Exercise requirements -
Return all entries verbatim; skip any pictures.
START Data for review
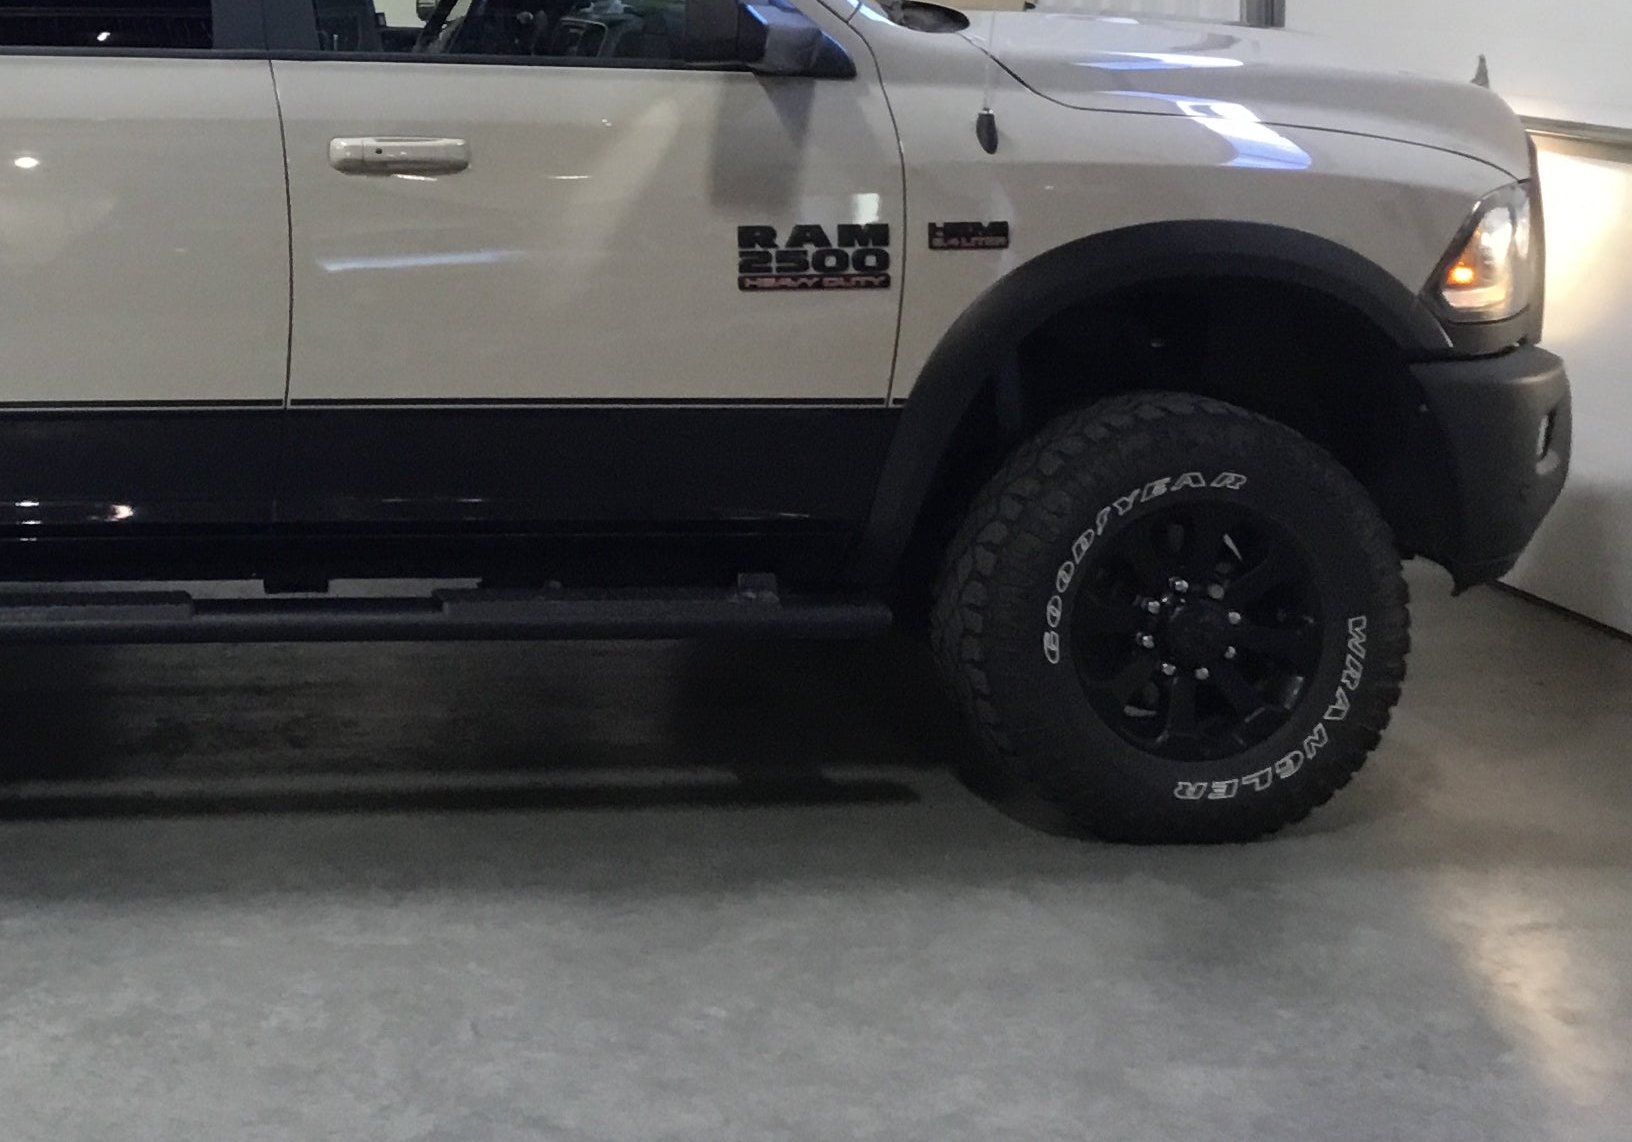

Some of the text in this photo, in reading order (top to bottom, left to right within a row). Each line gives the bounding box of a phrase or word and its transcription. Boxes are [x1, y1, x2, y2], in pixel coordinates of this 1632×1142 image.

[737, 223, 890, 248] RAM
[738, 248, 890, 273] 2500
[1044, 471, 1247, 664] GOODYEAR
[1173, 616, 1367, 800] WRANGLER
END Data for review
Written reply -
Some of the text in this photo, in reading order (top to bottom, left to right within a row). Each line gives the bounding box of a phrase or word and its transcription. Boxes are [x1, y1, x2, y2], in pixel coordinates of this 1632×1142 image.

[737, 223, 890, 248] RAM
[738, 248, 890, 273] 2500
[1044, 471, 1247, 664] GOODYEAR
[1173, 616, 1367, 800] WRANGLER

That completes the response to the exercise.